Agenda item

Treasury Management Mid-Year Review 2020/21


Members were provided with an update report on treasury management activity undertaken during the period April to September 2020. The report set out both the treasury activity and the impact of the capital expenditure for the year up to end of September, set in the context of the current economic background along with a forecast of interest rates which had been provided by the Council’s Treasury Management Consultants, Link.

Members noted that the report was based on the position as at 30 September and therefore did not reflect the fact that England had entered into a second lockdown and the implications this may have, on things such as interest rates, fund valuations and the Authority’s ability to fully spend against the capital programme etc.

As things stood at this moment in time, the capital programme for the Council stands at just under £56m, of which £18.8m could be funded from existing resources.  This creates a borrowing requirement for the Authority of some £37m.  Of this some £7m internal borrowing will be utilised with £30m external borrowing being sought, most likely to be from the Public Works Loan Board. 

The capital financing requirement for the year was forecast to be £235.5m and gross debt £199m.  The capital financing requirement was the Council’s combined historic unfunded capital expenditure which because of the Council’s ability to utilise internal borrowing, was above the actual gross debt.

The issue around the St George’s transaction and the delay this had caused in signing off the accounts also has implications on treasury.  Both the authorised limit and the operational boundaries, the limits set internally on the amount of debt the Authority could take on, include a provision for the treatment of the St George’s transaction.  Until this was finalised, it could not be forecast whether the revised estimate for both the operational boundary and authorised limit was appropriate.  The positive was that if anything, those limits were higher than they may need to be, but there was a possibility they may need to be amended.  This would have to be a Full Council decision but in the first instance the matter would be discussed with the Chair of the Finance & Audit Committee.

The Principal Accountant (HRA) advised that in relation to investments, as at 30 September, the Council’s investments totalled £40.7m.  This was split between internally and externally managed funds.

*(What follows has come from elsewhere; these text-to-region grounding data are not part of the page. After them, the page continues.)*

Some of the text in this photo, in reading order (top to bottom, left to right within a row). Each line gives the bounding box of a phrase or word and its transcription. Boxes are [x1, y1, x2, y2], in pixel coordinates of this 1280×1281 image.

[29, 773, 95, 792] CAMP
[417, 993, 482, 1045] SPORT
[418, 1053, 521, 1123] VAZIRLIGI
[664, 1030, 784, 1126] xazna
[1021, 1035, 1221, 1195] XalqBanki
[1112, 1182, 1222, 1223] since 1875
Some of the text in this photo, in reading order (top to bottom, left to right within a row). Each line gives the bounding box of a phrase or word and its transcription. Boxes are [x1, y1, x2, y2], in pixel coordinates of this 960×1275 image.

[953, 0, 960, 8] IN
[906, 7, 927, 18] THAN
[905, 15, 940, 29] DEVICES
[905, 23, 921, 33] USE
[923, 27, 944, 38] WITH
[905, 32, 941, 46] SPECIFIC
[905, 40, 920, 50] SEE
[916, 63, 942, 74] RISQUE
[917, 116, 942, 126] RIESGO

The officer confirmed that as at 30 September 2020, the Council had acted in line with the approved limits in the annual investment strategy and no breaches had occurred.

Members were reminded that the capital values of the Property Funds and the Multi Asset Funds have been hit significantly by Covid-19.  Funds have continued to pay dividends, not quite at the same level, but still above the level of return the Council could get on traditional investments. These remained long term investments and therefore no immediate decisions were needed to be made about withdrawing funds. Officers were in contact with the fund managers to see what actions they were taking as a result and would continue to do so over the coming months. 

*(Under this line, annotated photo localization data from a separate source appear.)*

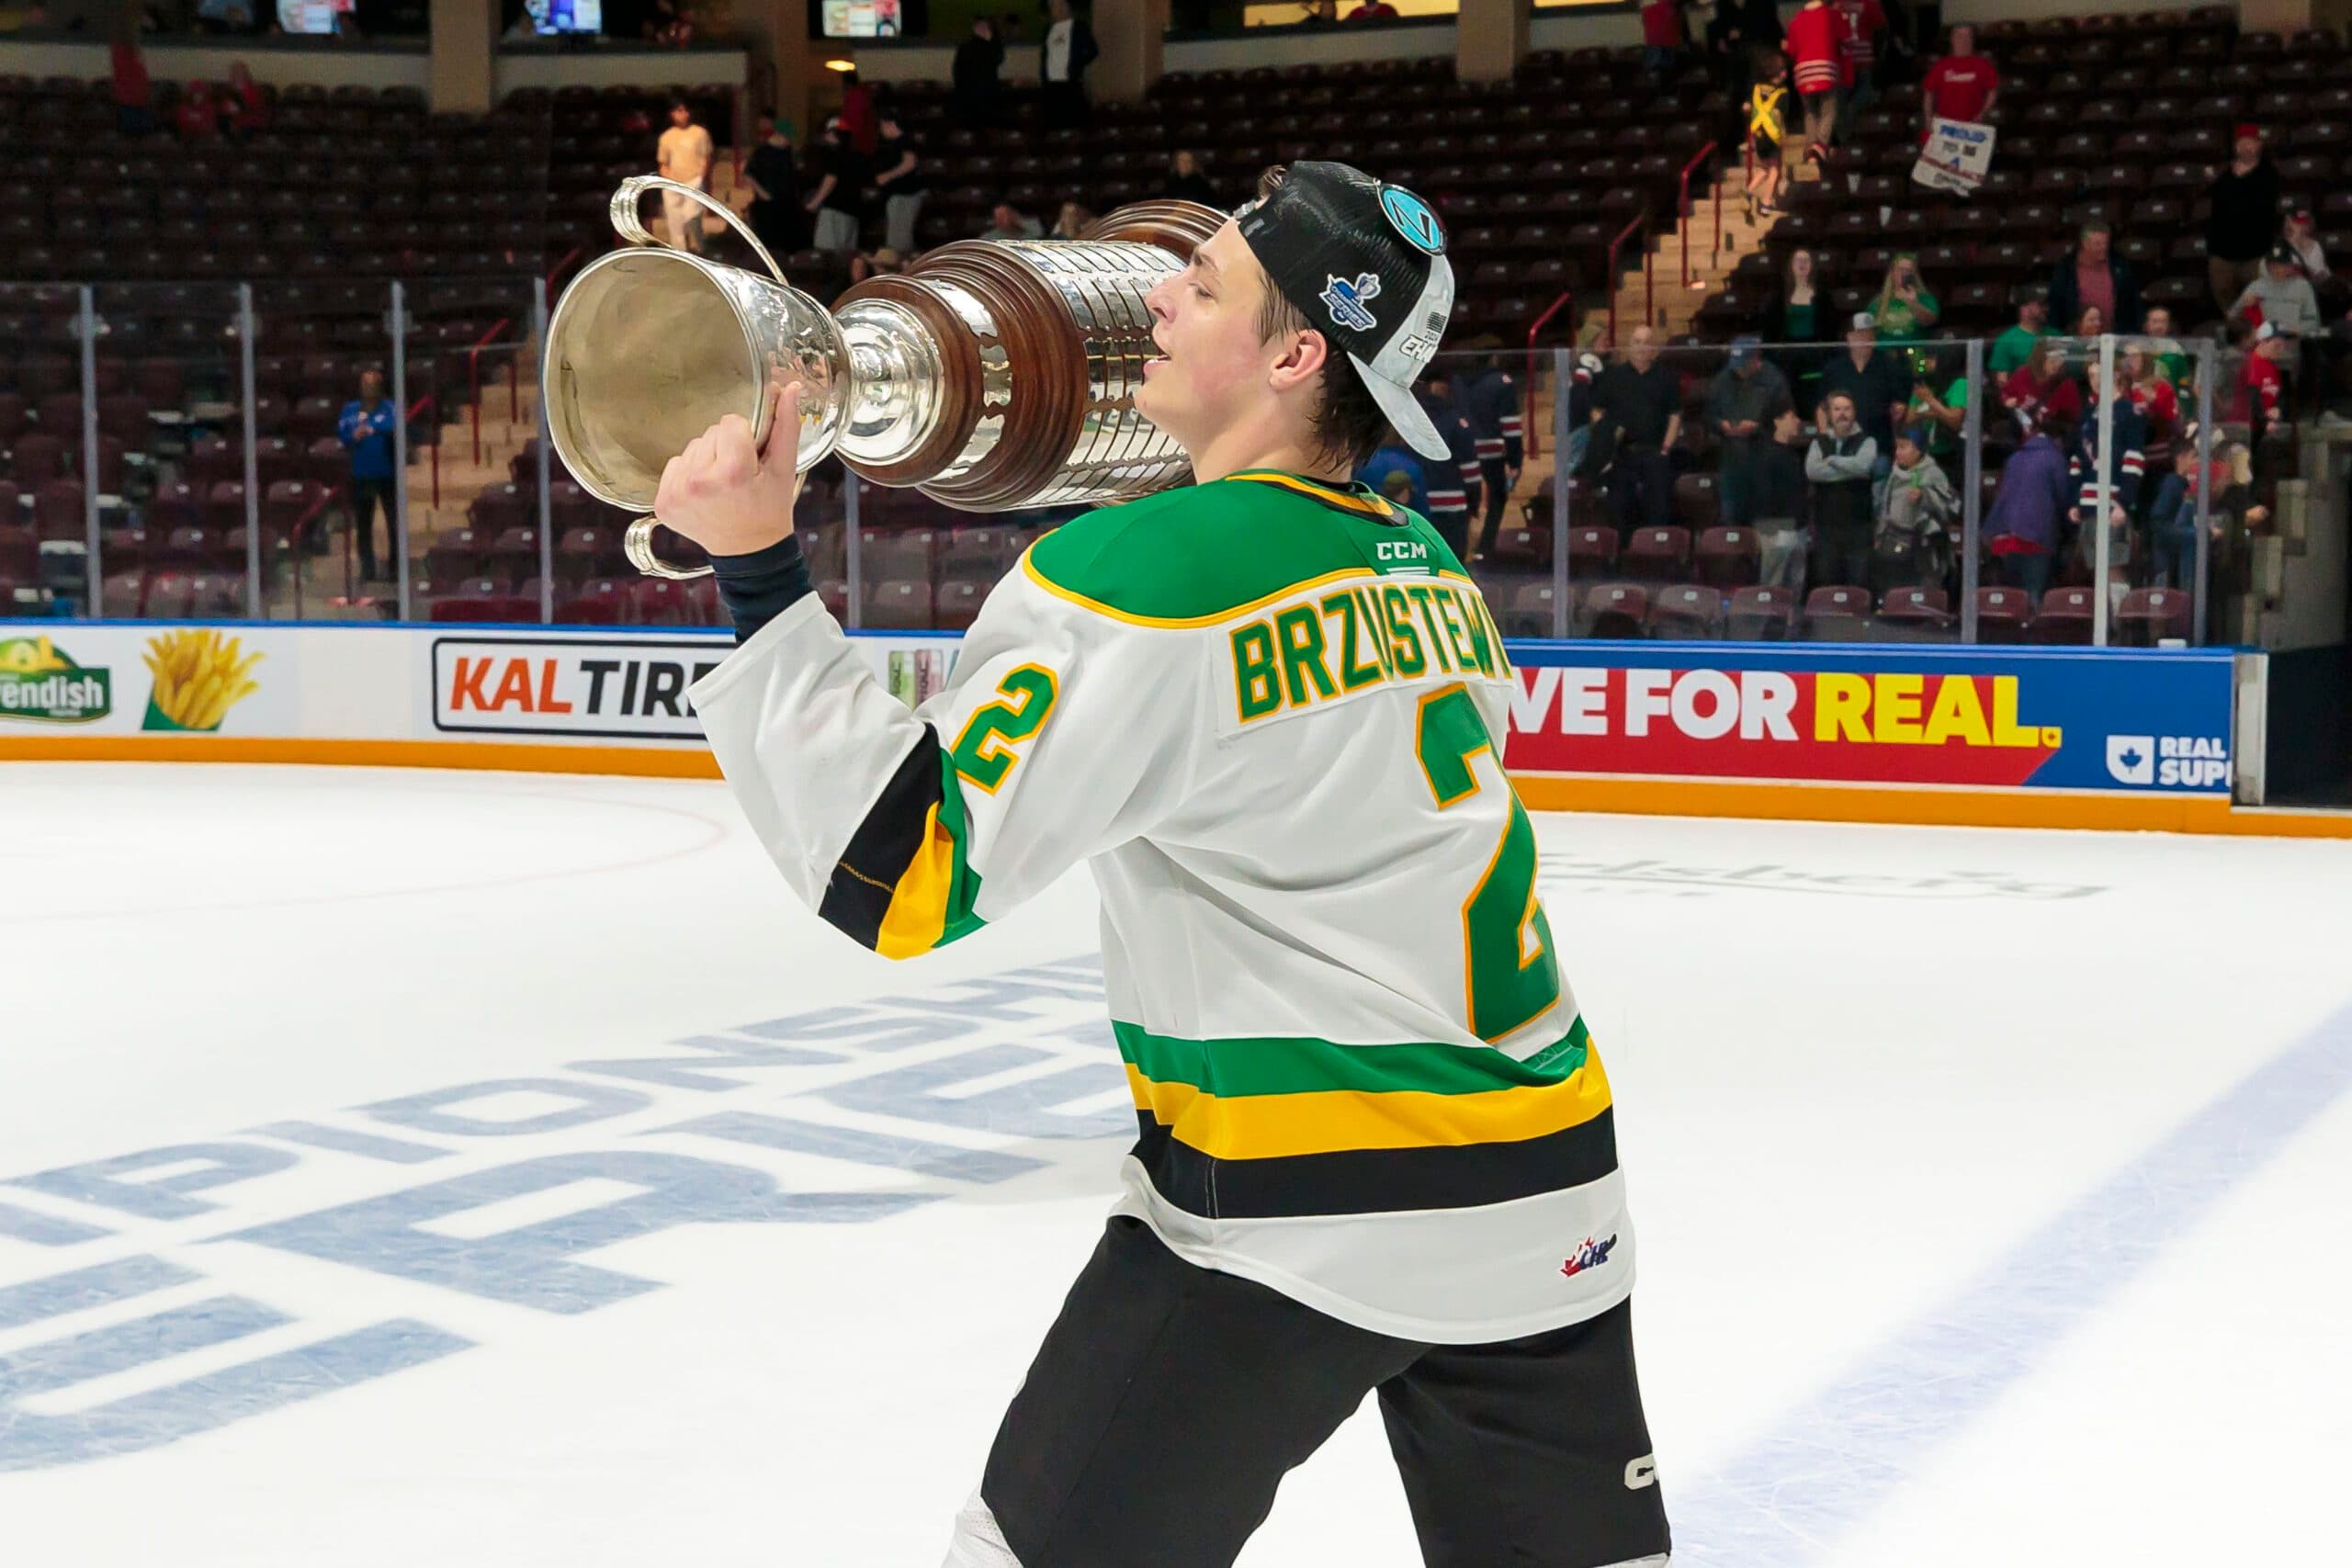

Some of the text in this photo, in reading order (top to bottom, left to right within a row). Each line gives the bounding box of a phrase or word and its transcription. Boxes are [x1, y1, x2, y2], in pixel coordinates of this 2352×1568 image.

[1329, 293, 1367, 328] SERIES
[1376, 540, 1427, 560] CCM
[0, 674, 104, 709] endish
[450, 657, 572, 715] KAL
[1624, 669, 1800, 741] FOR
[949, 661, 1059, 797] 2
[2160, 736, 2227, 760] REAL
[1415, 681, 1560, 1045] 2

Following a question, the officer clarified that the gross external debt was not changing. However, there was an element of the finance lease in respect of the St George’s Centre that may change accounting requirements. The Council might also have to take in account other long term liabilities, however these were more likely to reduce. The Chair noted that this document would be submitted to Members for consideration before being signed off.

In relation to the Treasury restricting borrowing from the Public Works Loans Board, the Council did respond to the consultation on this matter and a reply was awaited.

Resolved that:

(a)       the report be noted; and

(b)       following consultation with members of the Finance & Audit Committee, authority be delegated to the Chair of the Committee to amend the authorised limit and operational boundary as needed in response to the final accounting treatment agreed in respect of the St George’s Centre transaction and to make any necessary recommendations to Full Council.